RECORDS SHOWN START

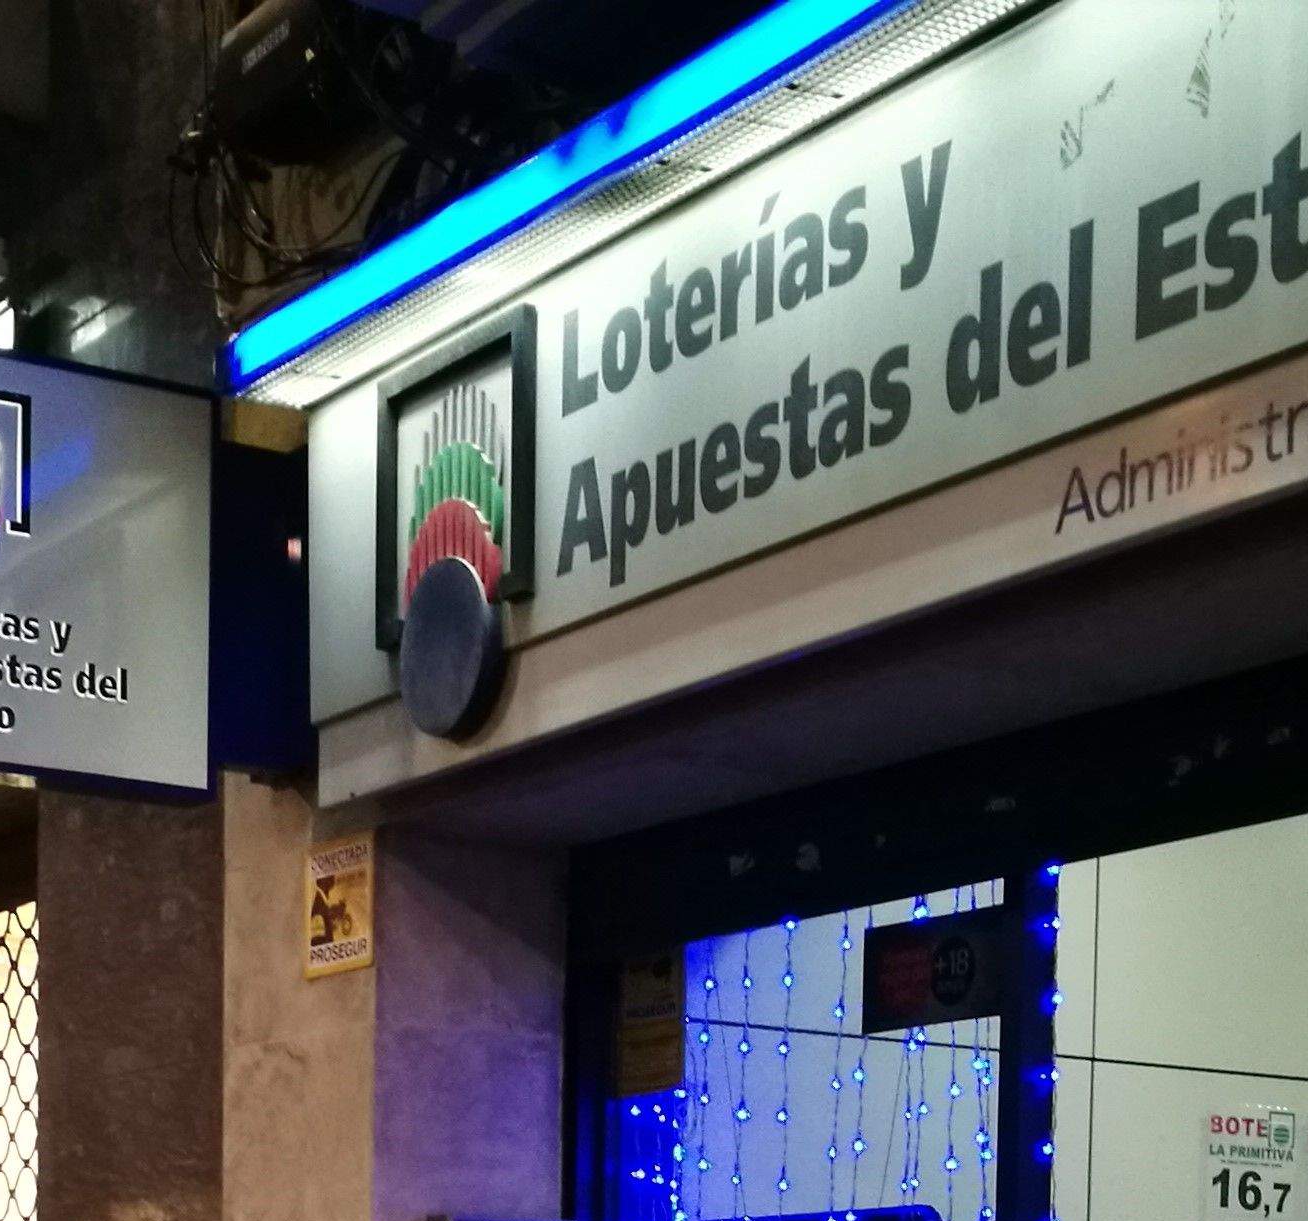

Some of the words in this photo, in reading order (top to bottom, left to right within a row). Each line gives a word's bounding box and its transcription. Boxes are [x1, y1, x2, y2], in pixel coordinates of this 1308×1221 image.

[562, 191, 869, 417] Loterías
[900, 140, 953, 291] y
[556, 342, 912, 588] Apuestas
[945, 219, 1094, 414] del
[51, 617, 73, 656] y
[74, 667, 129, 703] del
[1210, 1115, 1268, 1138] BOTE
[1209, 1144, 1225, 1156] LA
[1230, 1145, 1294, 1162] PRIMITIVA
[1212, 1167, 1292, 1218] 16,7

RECORDS SHOWN END

PROMPT
Apart from the images, the entries above must be returned without alteration.

EXERCISE OUTPUT
Some of the words in this photo, in reading order (top to bottom, left to right within a row). Each line gives a word's bounding box and its transcription. Boxes are [x1, y1, x2, y2], in pixel coordinates of this 1308×1221 image.

[562, 191, 869, 417] Loterías
[900, 140, 953, 291] y
[556, 342, 912, 588] Apuestas
[945, 219, 1094, 414] del
[51, 617, 73, 656] y
[74, 667, 129, 703] del
[1210, 1115, 1268, 1138] BOTE
[1209, 1144, 1225, 1156] LA
[1230, 1145, 1294, 1162] PRIMITIVA
[1212, 1167, 1292, 1218] 16,7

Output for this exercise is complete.